131 However, in my view Mr Outerbridge on the whole of the evidence was not the effective cause of the sale. On 27 December 2017 when Mr Outerbridge went on his annual vacation, the position was as follows. The defendants had withdrawn their acceptance of the offer and were apparently going overseas. While they mentioned the possibility by inference of accepting a higher price, they had wished Ms Weis "very good luck in [her] ongoing property search". At that time, Ms Weis did not know whether the defendants were serious vendors and could be trusted and what they really wanted. She did not know what the "benchmarks" were of the defendants as referred to in the email she had received on 27 December 2017. In substance, she did not know at that time what the defendants wanted.
132 It is true that it was only two days later that Ms Weis confirmed an offer to buy in relation to the Property. However, in that period there had been the intervention of Ms Van Wijngaarden. Ms Weis had also looked at two other properties which showed that she was not wedded to the idea of purchasing the Property. It was only when Ms Van Wijngaarden clarified to Ms Weis what the defendants apparently really wanted and that they were serious sellers that she was able to alter the offer to more fairly accommodate their targeted sale price. The intervention of Ms Van Wijngaarden was, on the evidence, crucial. Until she provided the clarification of the defendants' position, the sale apparently could not have occurred. In my view, whilst the conduct of Mr Outerbridge was very significant, he did not bring about a state of affairs giving rise to the contractual right to the commission. It was the conduct of Ms Van Wijngaarden which clarified to Ms Weis the position of the defendants. She also clarified to the defendants that Ms Weis was a genuine buyer. This allowed Ms Weis to consider and make a higher offer which took into account the defendants' desired sale price. Ms Van Wijngaarden also brought about a higher sales price for the benefit of the defendants.
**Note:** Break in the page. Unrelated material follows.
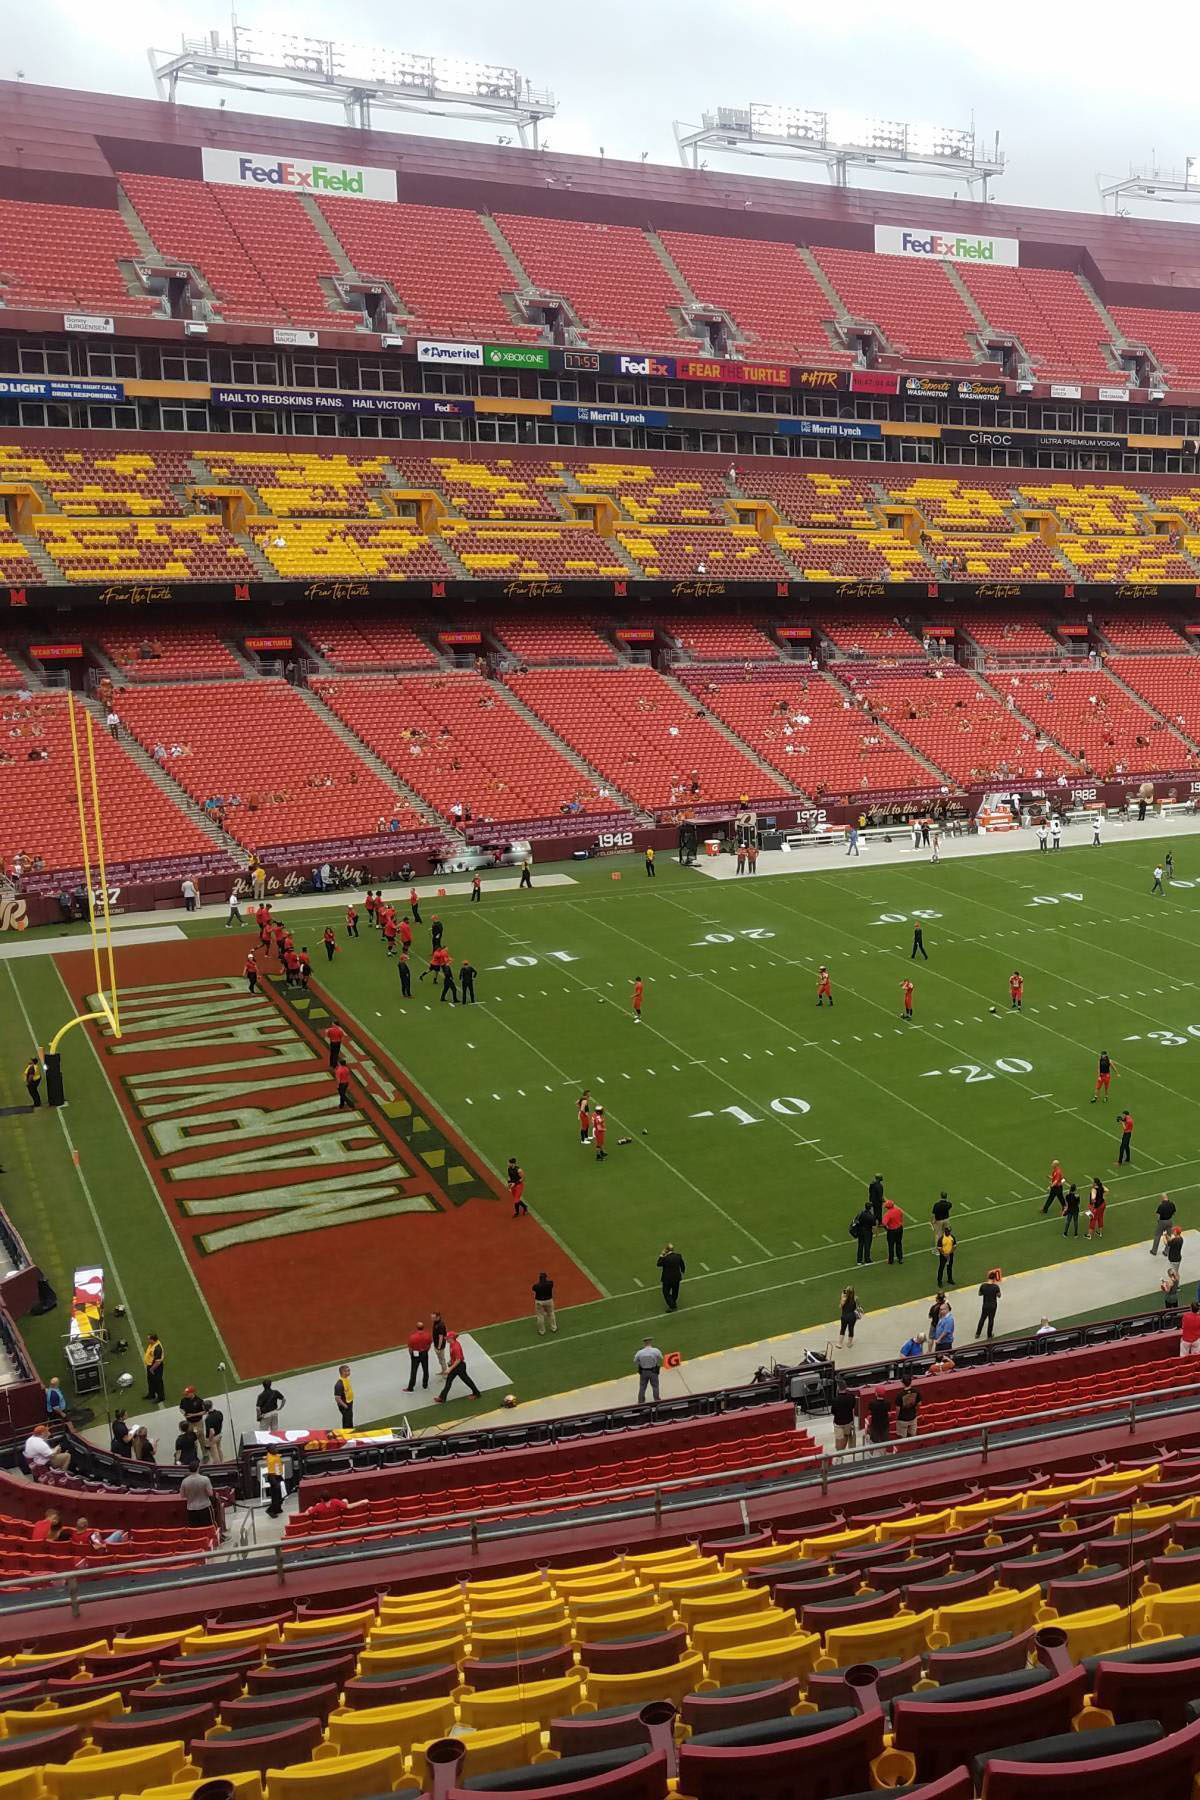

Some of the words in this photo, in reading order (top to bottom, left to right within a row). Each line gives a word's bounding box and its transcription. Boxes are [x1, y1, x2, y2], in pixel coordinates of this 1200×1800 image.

133 For all these reasons I find that Mr Outerbridge was not the effective cause of the sale of the Property within Clause 3.1 of the Agreement……" (emphasis added)
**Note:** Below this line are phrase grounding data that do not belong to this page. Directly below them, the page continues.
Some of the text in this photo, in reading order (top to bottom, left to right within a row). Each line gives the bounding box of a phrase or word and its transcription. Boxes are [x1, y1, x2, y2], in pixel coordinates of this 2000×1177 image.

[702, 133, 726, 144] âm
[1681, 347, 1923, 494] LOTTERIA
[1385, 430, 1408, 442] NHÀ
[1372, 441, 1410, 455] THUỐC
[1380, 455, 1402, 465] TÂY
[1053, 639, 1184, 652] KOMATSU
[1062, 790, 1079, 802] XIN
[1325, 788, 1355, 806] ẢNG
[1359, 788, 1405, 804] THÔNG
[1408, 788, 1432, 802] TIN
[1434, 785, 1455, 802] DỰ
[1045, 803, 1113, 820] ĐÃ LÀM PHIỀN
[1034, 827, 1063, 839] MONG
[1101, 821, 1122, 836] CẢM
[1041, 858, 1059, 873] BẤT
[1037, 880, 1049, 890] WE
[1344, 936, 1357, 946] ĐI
In this Court, Mr Rayment contended that the reference in [132] of this extract to Ms Van Wijngaarden "clarifying to the [respondents] that Ms Weis was a genuine buyer" was meant to be a reference to Ms Van Wijngaarden clarifying to Ms Weis that the respondents were genuine sellers. It was submitted that this is evident from the following sentence which refers to Mr Weis considering and making a higher offer. Mr Alexis SC resisted that submission. He contended that, when Mr Outerbridge departed on his holidays, not only did Ms Weis doubt the bona fides of the respondents because they had withdrawn their acceptance of the offer, but the respondents doubted the bona fides of Ms Weis. I do not accept that submission. The only evidentiary basis for it is the statement Mr Hall said he made to Mr Outerbridge on 22 December 2018 which was not the subject of a finding by the primary judge (see [32]). Otherwise, there is nothing in either Mr Hall's evidence or the judgment appealed from to suggest that he doubted that Ms Weis was genuinely interested in purchasing the Property, although following his withdrawal of his acceptance he may have believed that their difference in perspectives on the value of the Property meant that there was no prospect on them agreeing on a sale price.
[6]
The Contractual Term and Effective Cause
The contractual provision governing the appellants' right to a commission is set out above. Both before this Court and the primary judge, the parties devoted little attention to its terms. Instead, they treated the operation of the clause as synonymous with the discussion of "effective cause" in the case law dealing with agent's recovery of commission under an implied term (see L J Hooker Ltd v W J Adams Estates Pty Ltd (1976-1977) 138 CLR 52 at 54 to 55 and 61 per Barwick CJ; [1977] HCA 13; "L J Hooker"). I will do likewise with the consequence that the following discussion does not address any particular issue of construction that may arise in relation to clause 3.1 in the future (which is probable given that clause 3.1 is part of a standard form agency agreement). In particular, I note that neither before the primary judge nor in this Court was it contended that the words in brackets in the opening part of clause 3.1 (ie, "where the Licensee is the effective cause of the sale") impose some requirement that is separate from and additional to the necessity for an "effective introduction" by the Licensee. Instead, subject to one matter, it was common ground between the parties before the primary judge and in this Court that the concept of "effective cause of the sale" informed the concept of "effective introduction"; that is, unless an "introduction" was the, or an, "effective cause of the sale" then it was not an "effective introduction".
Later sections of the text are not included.